• DATA SHOWN:
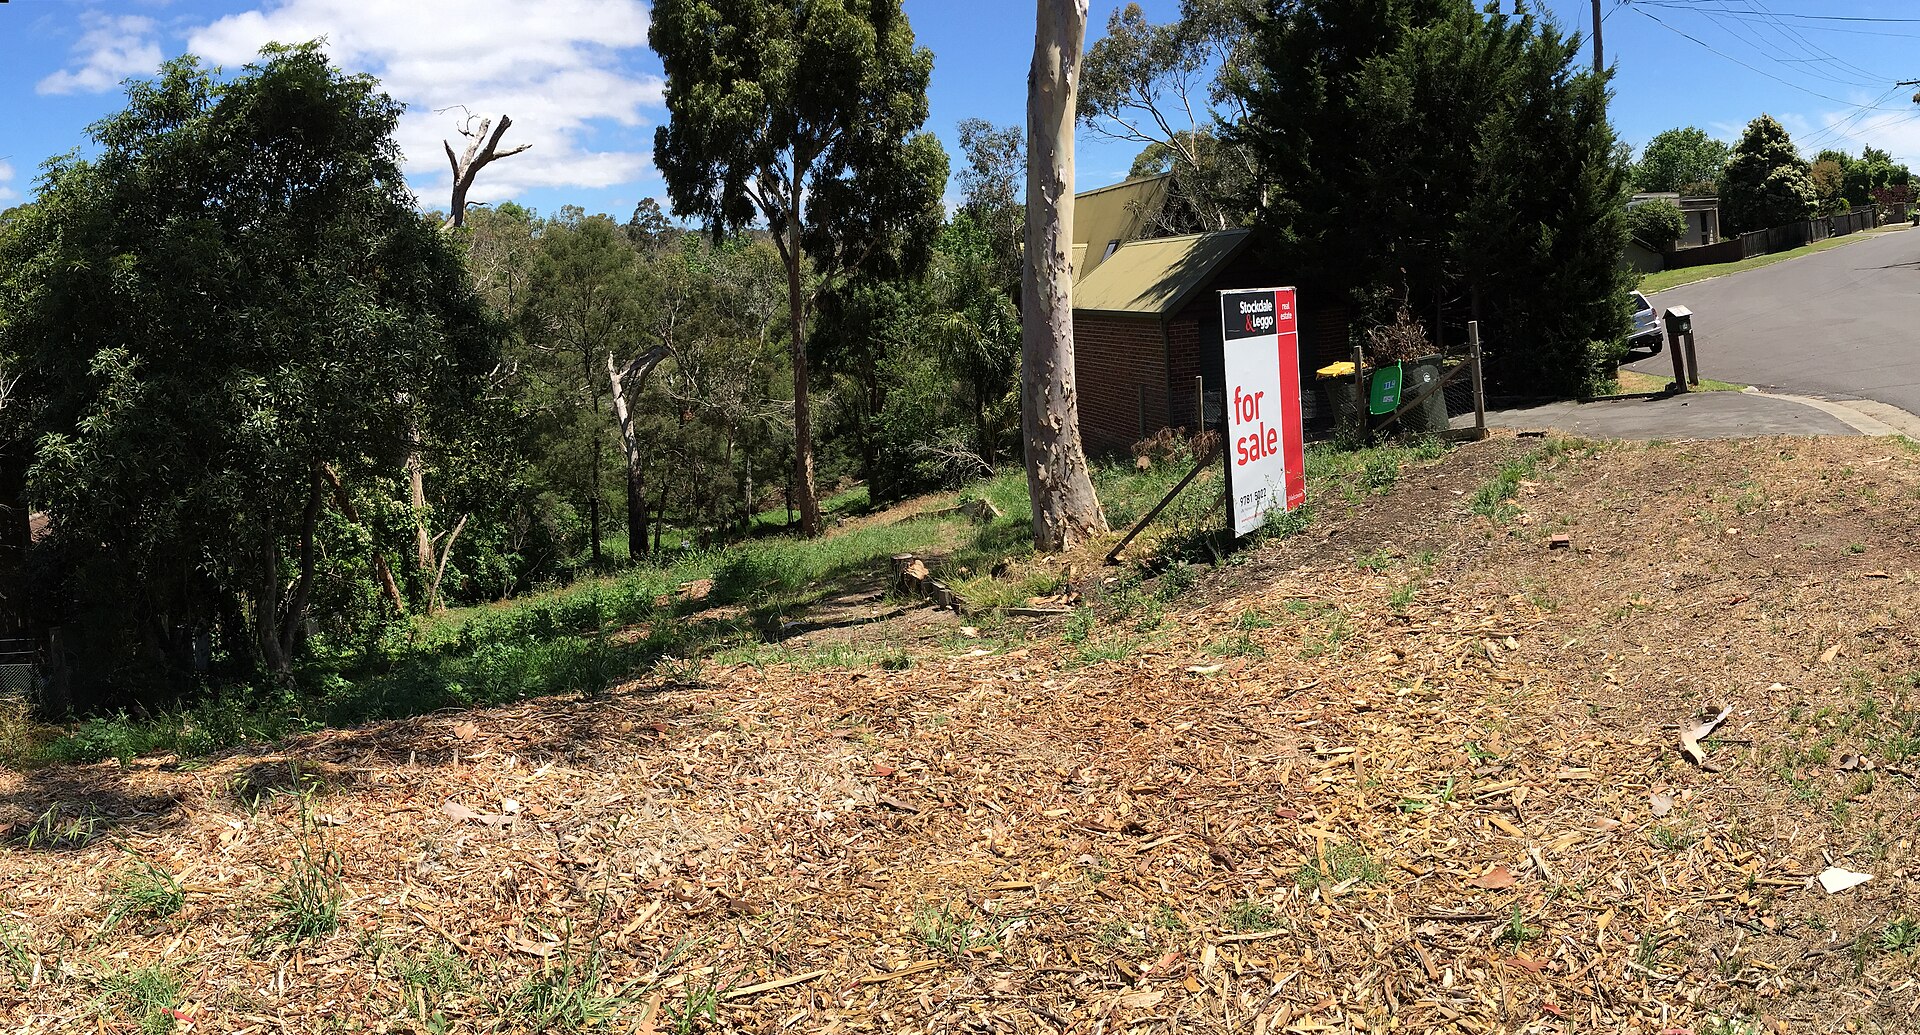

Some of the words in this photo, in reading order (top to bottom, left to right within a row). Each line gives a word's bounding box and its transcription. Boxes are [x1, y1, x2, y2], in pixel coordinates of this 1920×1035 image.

[1240, 299, 1273, 314] Stockdale
[1281, 301, 1290, 310] real
[1252, 314, 1273, 330] Leggo
[1280, 312, 1292, 320] estate
[1234, 385, 1264, 425] for
[1237, 421, 1277, 466] sale
[1240, 493, 1253, 507] 9781
[1254, 487, 1267, 501] 5022

• INSTRUCTIONS FOR THE TASK: From the first line to the last, set down the data exactly, without the pictures.

• TASK RESPONSE:
Some of the words in this photo, in reading order (top to bottom, left to right within a row). Each line gives a word's bounding box and its transcription. Boxes are [x1, y1, x2, y2], in pixel coordinates of this 1920×1035 image.

[1240, 299, 1273, 314] Stockdale
[1281, 301, 1290, 310] real
[1252, 314, 1273, 330] Leggo
[1280, 312, 1292, 320] estate
[1234, 385, 1264, 425] for
[1237, 421, 1277, 466] sale
[1240, 493, 1253, 507] 9781
[1254, 487, 1267, 501] 5022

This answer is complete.